On one hand, yeshivot need money. They can't survive without donations, and running a yeshiva is really expensive. But this new phenomenon, of bachurim collecting for the yeshiva, bothers me for a very simple reason: we're training an entire generation of schnorrers.
Yesterday in shul, not one but two people asked for money at the end of davening. The first was a young man who said that he came from a large family (of 13 children), and that the family simply could not provide sufficient funds for his upcoming wedding. So he came collecting. I wondered: if he had an upcoming wedding and needed to pay for expenses to build his home, who gave him the right to sit in yeshiva and ask me to pay for his household? Why didn't he first assume that he should go out, get a job, do his best, and then ask me for help with his shortfall (which I would have been more open to)?

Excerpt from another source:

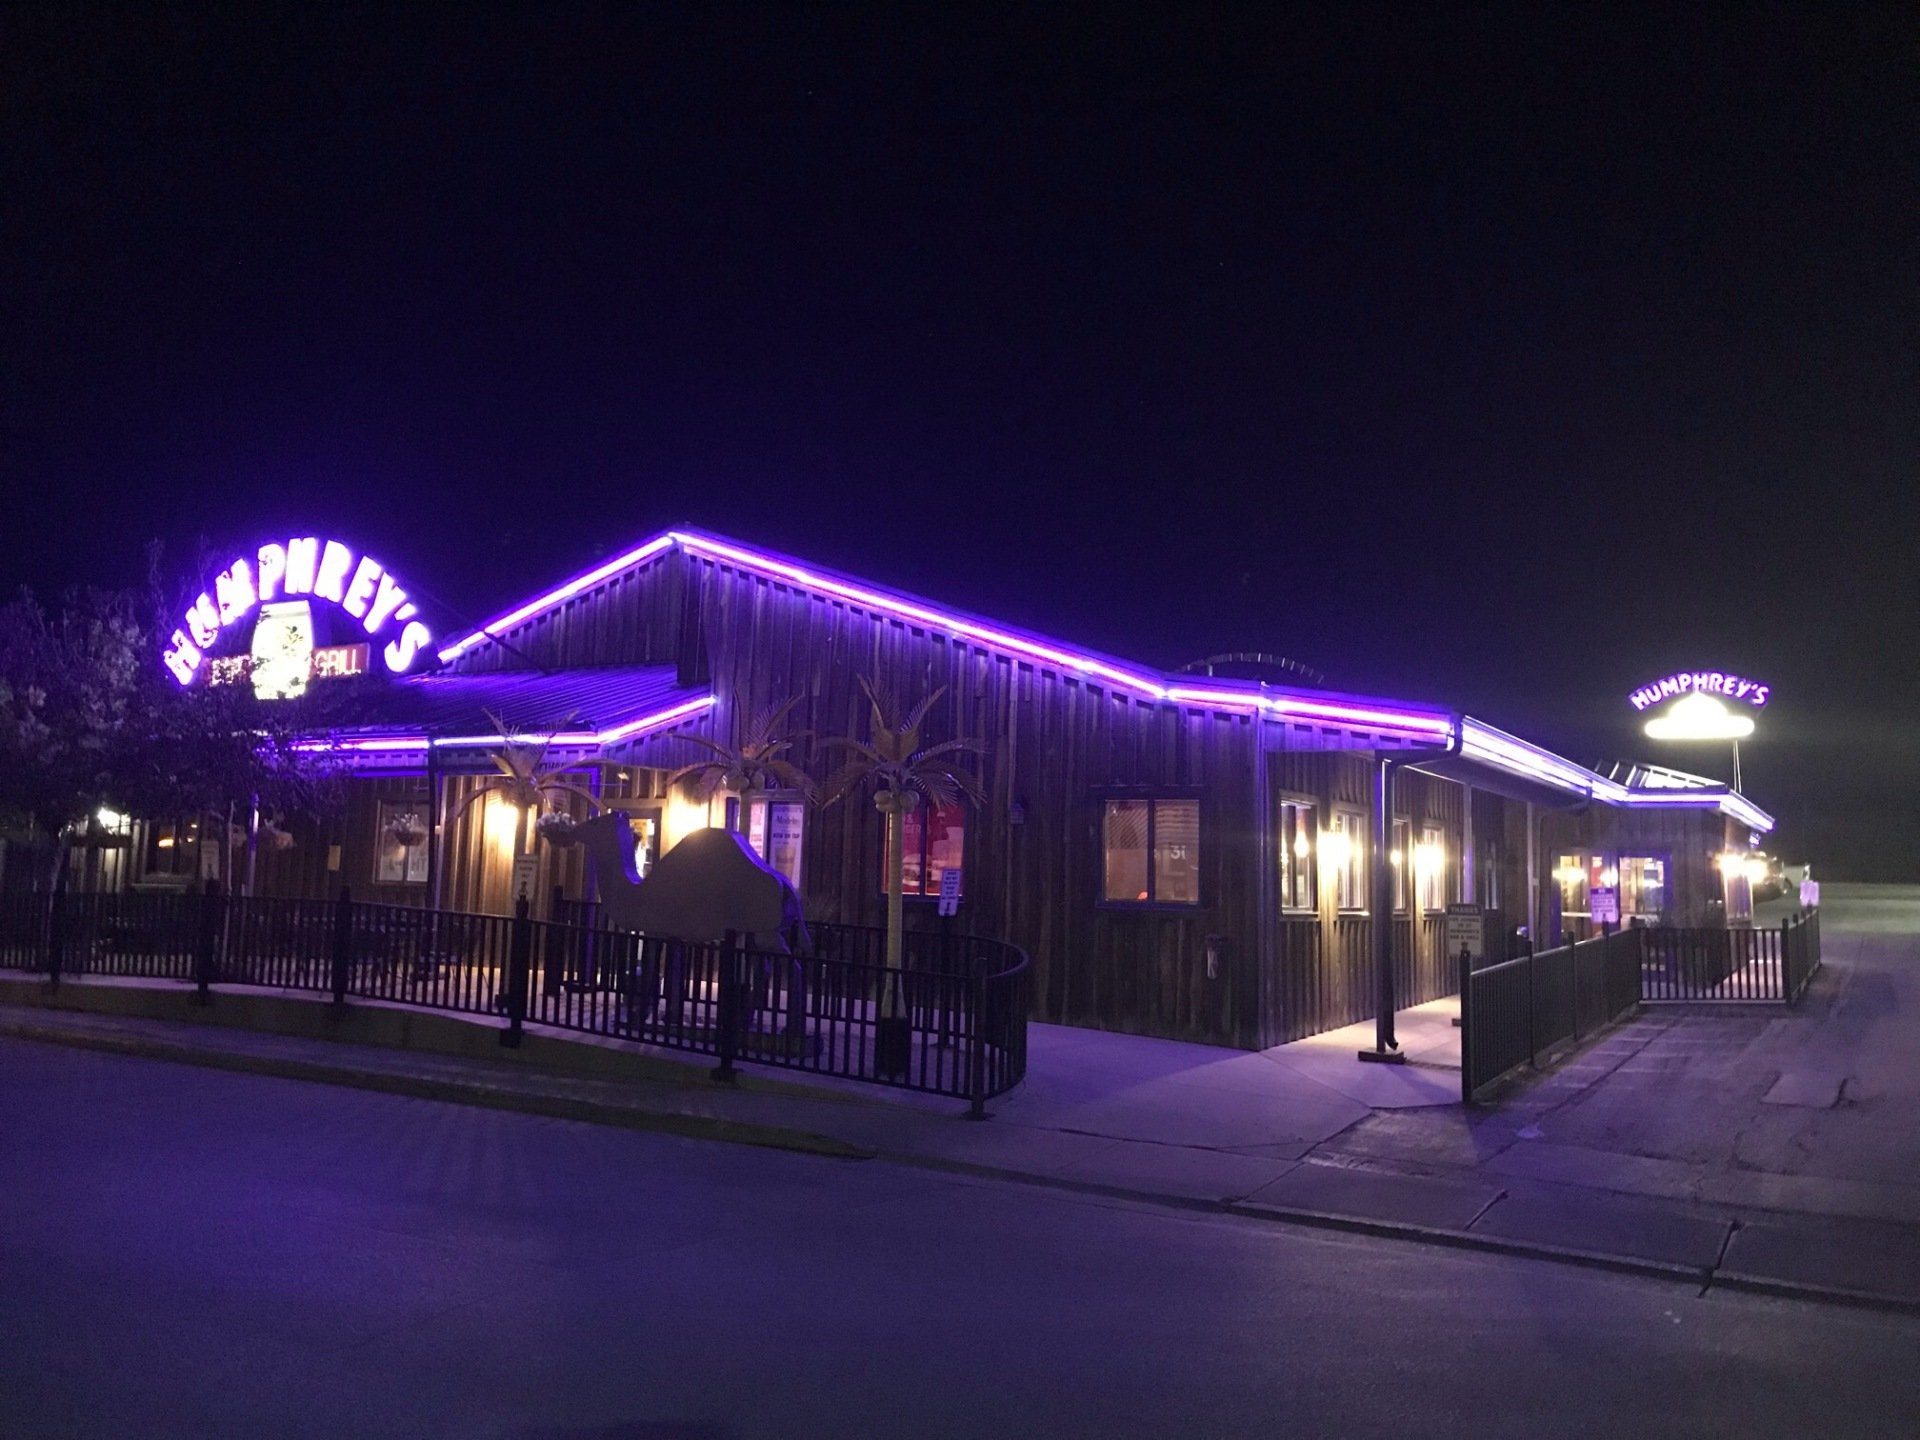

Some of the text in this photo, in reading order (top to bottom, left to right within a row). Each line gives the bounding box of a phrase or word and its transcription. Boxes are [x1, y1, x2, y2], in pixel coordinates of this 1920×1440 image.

[163, 537, 430, 686] HUMPHREY'S
[315, 648, 361, 677] GRILL
[1631, 673, 1769, 710] HUMPHREY'S

By sending our students out collecting for their yeshivot (and by extension, for themselves), we're training them to ask other people for money. We're giving them a head start on overcoming what should be a natural aversion to asking other people for help. We're teaching them that the best way to support yourself is to ask someone else to pay your way. And while these boys might very well be learning a lot of Torah in their yeshiva, this might be the most practical aspect of their education.
In the third brachah of Bircat Hamazon, we ask God for the following:
Where is the obvious sense of shame and debasement that's so basic to human nature that it's part of the birkat hamazon?ונא אל תצריכינו, ה' אלקינו, לא לידי מתנת בשר ודם, ולא לידי הלואתם, כי אם לידך המלאה הפתוחה הקדושה והרחוה, שלא נבוש ולא נכלם לעולם ועד.And please do not make us require, Hashem our God, neither the gifts of the hands of flesh and blood (other people), nor their loans; rather [supply us with the bounty of] Your full, open, holy, benevolent Hand - so that we never feel neither shamed nor debased.
I guess with enough practice you can get used to anything.